* **INSTRUCTIONS FOR THE TASK**: The entries below are to be returned as written, with all pictures dropped.

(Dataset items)
*** Begin section ***
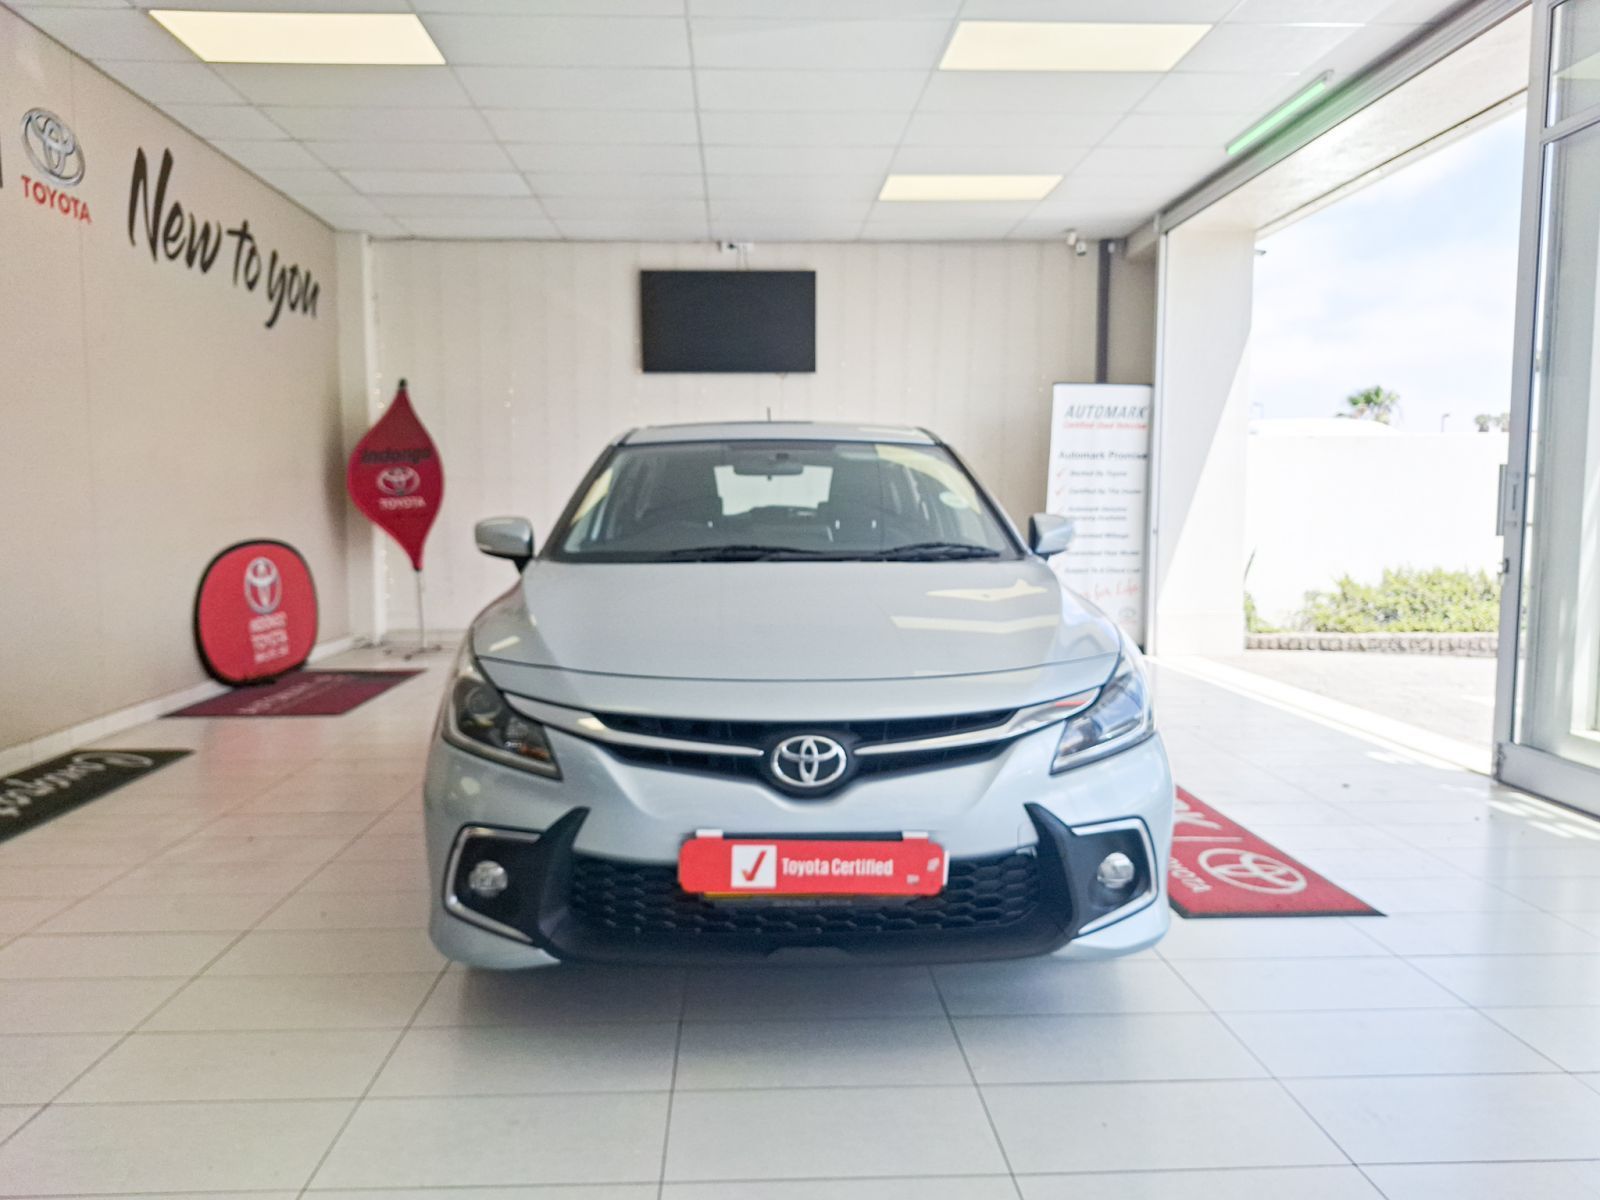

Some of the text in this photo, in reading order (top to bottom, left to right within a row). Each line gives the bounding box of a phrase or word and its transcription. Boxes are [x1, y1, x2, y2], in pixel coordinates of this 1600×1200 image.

[21, 175, 92, 224] TOYOTA
[129, 147, 320, 329] New to you
[1065, 405, 1148, 418] AUTOMARK
[1058, 451, 1105, 460] Automark
[782, 857, 893, 877] Toyota Certified
*** End section ***
* **OUTPUT OF THE EXERCISE**:
Some of the text in this photo, in reading order (top to bottom, left to right within a row). Each line gives the bounding box of a phrase or word and its transcription. Boxes are [x1, y1, x2, y2], in pixel coordinates of this 1600×1200 image.

[21, 175, 92, 224] TOYOTA
[129, 147, 320, 329] New to you
[1065, 405, 1148, 418] AUTOMARK
[1058, 451, 1105, 460] Automark
[782, 857, 893, 877] Toyota Certified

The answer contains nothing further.